Esta medalla de la Inmaculada Concepción le servirá para recordarle que debe vivir todo el día, con fe, en compañía de María.
Espero que este símbolo conquiste incontables gracias de la Virgen Santísima para auxiliarle en sus necesidades y, sobre todo, le dé una firme esperanza en la victoria, como Ella lo prometió en Fátima con estas bellísimas palabras: «¡Por fin, mi Inmaculado Corazón triunfará!».
Sin embargo, para preparar este triunfo aún tenemos mucho que hacer.
No podemos dejar de trabajar por nuestra santificación y por la evangelización del mundo.

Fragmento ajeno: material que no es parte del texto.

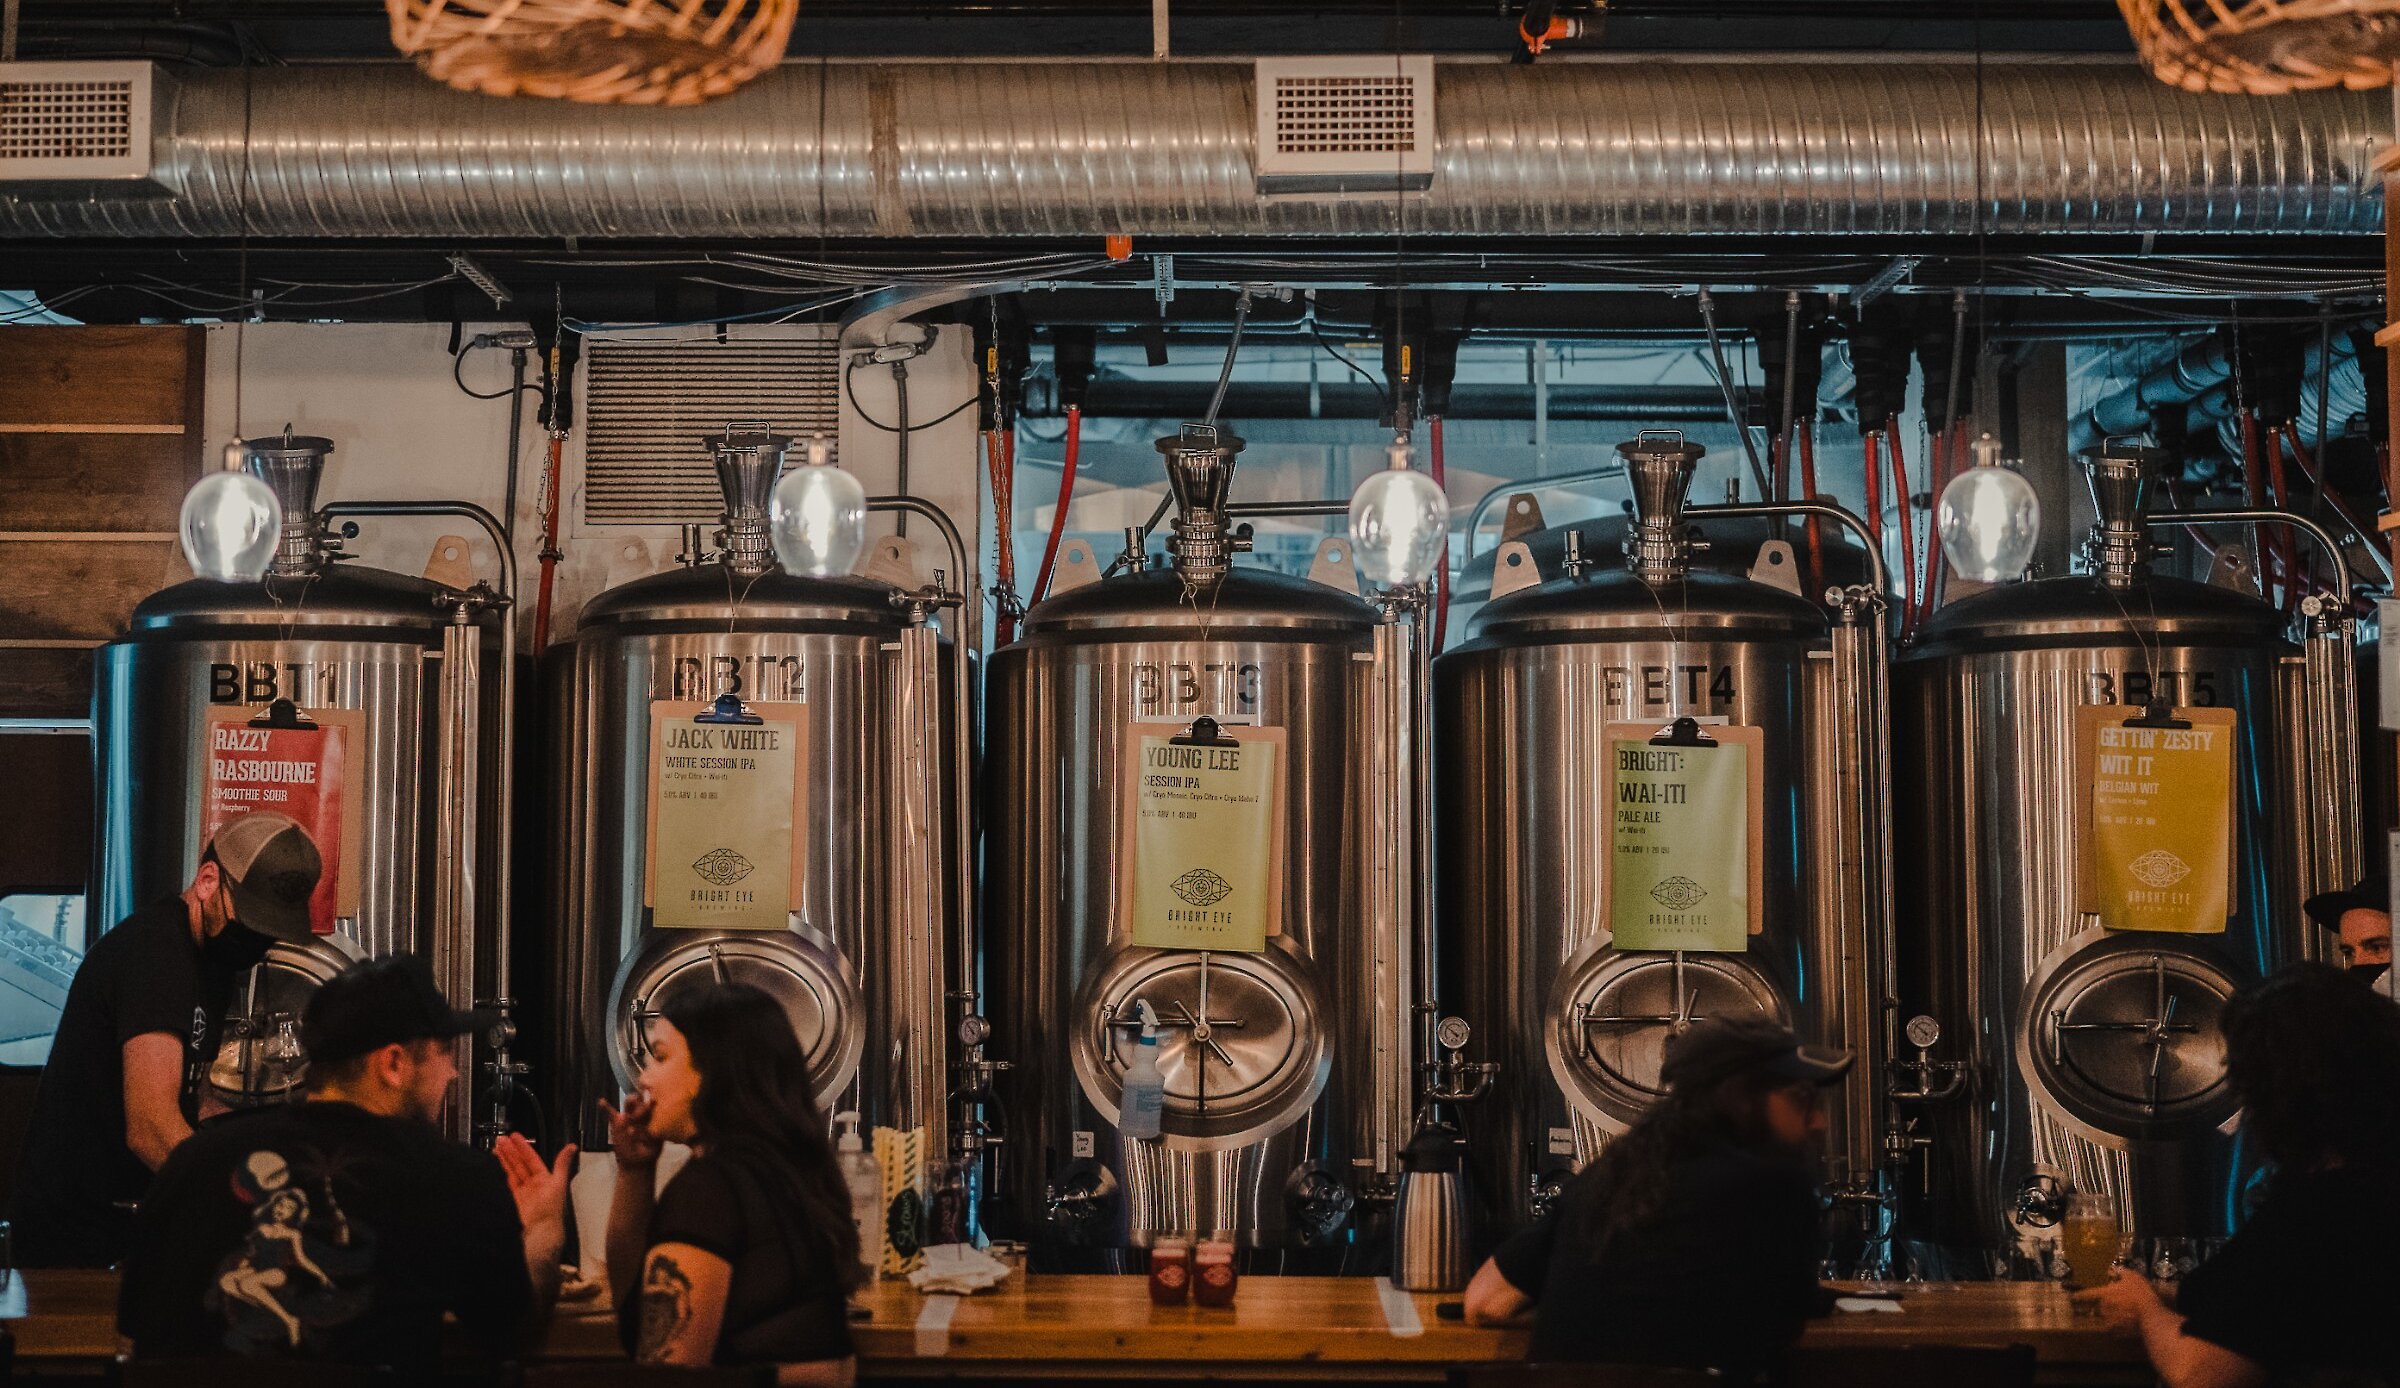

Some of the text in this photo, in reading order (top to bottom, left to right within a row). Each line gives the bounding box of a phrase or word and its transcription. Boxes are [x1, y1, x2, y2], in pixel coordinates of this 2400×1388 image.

Tenemos que llevar el amor a Jesús y a María a nuestros parientes, amigos y a los que más lo necesitan.
Para esta labor, con la ayuda de nuestros adherentes, hemos conseguido resultados prometedores y extraordinarios.
¿Cómo no agradecerles, conmovidos, por su generosa y constante colaboración económica para la formación de los 32 diáconos y 10 sacerdotes de los Heraldos del Evangelio que acaban de ser ordenados?
Ha sido gracias a personas generosas que ha sido posible la acuñación y envío de esta medalla.